Chris Liss on Nostr: FACT CHECK REQUESTED Need some fact checking/concept validating help for the ...
FACT CHECK REQUESTED
Need some fact checking/concept validating help for the long-form post I’m working on. I know there are *many* here who are knowledgeable in the topic.
This is the first part of the essay. Let me know if anything I describe is inaccurate in this section if you’re inclined:
DRAFT:
I have a thesis as to why things have gone so off the rails in the United States (and beyond), but it might not be what you think. Most of what we decry as insane and inexplicable policies are but symptoms of an underlying process. That process is the creation of money via fiat, the way in which the money propagates through the system and how it distorts the incentives of so many who are beholden to it.
Let’s start at the beginning. New money is created via debt issuance all the time. It’s why the US government is nearly $36 trillion in debt — it issues bonds and owes the bond buyers the interest and principle on it. “Issuing debt” is a fancy way of saying “borrowing money.” The US government borrows from its citizens, corporations, geopolitical allies (and even adversaries) to finance its operations.
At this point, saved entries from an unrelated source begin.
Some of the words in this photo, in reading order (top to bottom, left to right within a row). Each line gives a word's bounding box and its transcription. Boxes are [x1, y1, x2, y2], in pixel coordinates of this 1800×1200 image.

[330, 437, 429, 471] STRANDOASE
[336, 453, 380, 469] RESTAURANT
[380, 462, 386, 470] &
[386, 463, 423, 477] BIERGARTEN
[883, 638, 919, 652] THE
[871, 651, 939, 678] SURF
If there is insufficient demand for its debt, i.e., if not enough people want to loan it money, it can raise rates, i.e., promise to pay more interest so as to entice more lenders, or just have the Federal Reserve buy the debt and place the assets (bonds) on its balance sheet. US government debt (promise to pay) is an asset, and so the Fed can put that promise on its balance sheet.
The result of new money coming into the system via government borrowing is inflation. There is simply more money chasing the same amount of goods and services, so the prices for them rise. If while injecting more money into the economy the government were simultaneously injecting more goods and services, there wouldn’t be inflation, but unfortunately while you can always print more money out of thin air, you can’t print more energy, grass-fed steak or expert medical care.
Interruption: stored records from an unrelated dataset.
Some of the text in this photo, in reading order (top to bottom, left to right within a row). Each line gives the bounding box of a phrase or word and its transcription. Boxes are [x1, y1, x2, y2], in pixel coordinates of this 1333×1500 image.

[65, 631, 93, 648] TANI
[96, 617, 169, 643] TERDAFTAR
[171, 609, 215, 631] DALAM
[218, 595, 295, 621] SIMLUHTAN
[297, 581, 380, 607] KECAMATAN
But the inflation of the money supply and its concomitant debasement doesn’t happen all at once. Initially when there’s more money injected into the system, those who are closest to the new supply (banks, through which it passes, their largest accounts, investors and asset holders) spend it and benefit from it before its inflationary effect has taken hold. This is known as the Cantillon Effect. Eventually inflation drives ordinary wages up too, but not enough to offset higher prices, and only after the Cantillonaire class has disproportionately benefitted.
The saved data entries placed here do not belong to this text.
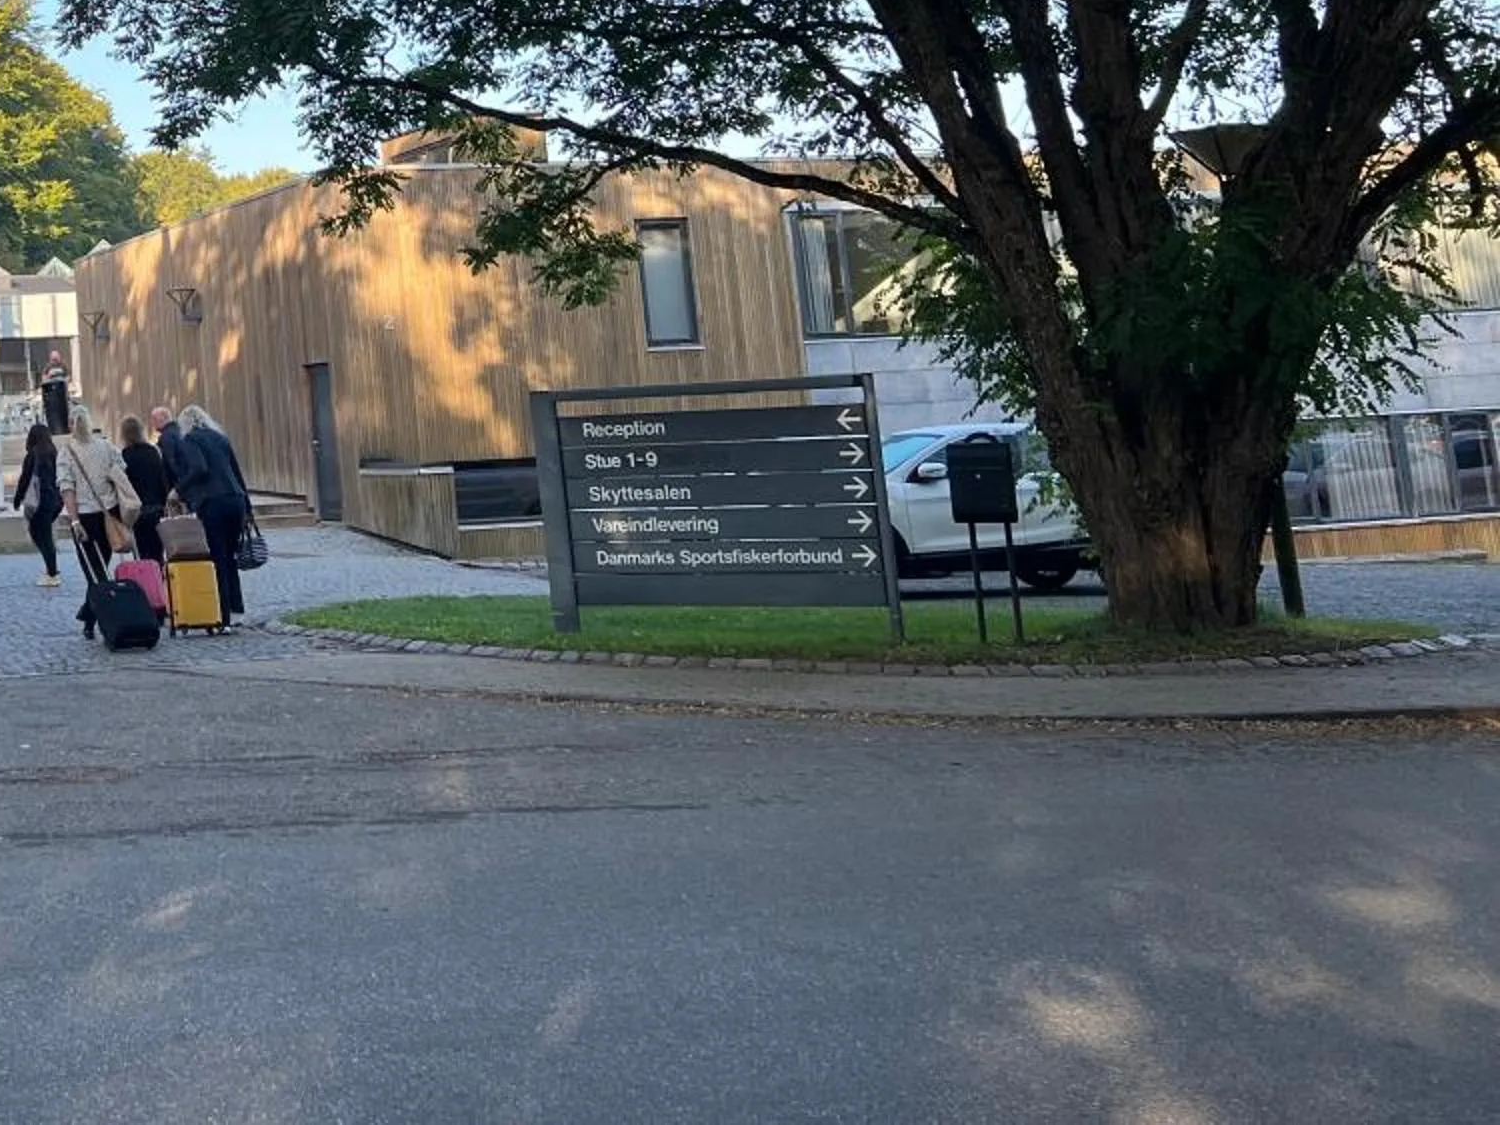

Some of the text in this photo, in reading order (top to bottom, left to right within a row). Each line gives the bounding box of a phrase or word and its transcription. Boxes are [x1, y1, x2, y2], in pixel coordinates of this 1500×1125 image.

[582, 420, 666, 439] Reception
[584, 451, 658, 469] Stue 1-9
[588, 484, 691, 505] Skyttesalen
[592, 516, 720, 534] Vareindlevering
[596, 547, 843, 568] Danmarks Sportsfiskerforbund
The unfairness of this arrangement is evident enough, but the second and third order effects are far more sinister. When the government can essentially borrow (print) money to finance whatever it wants, whether the Iraq War and its military contractors, “free” mRNA shots (Pfizer made $100B off those contracts) or any other policy that benefits cronies and favored corporations, there are going to be a lot of resources and effort devoted to getting in good with the decision makers in the government.
Put differently, if I run a small business, I can only earn money if I offer my customers something they value enough to pay more for it than it cost me to produce. If I hire you, you’ll need to add value to the business and also hope it can continuing adding enough value to customers to pay your salary. We have to work for it.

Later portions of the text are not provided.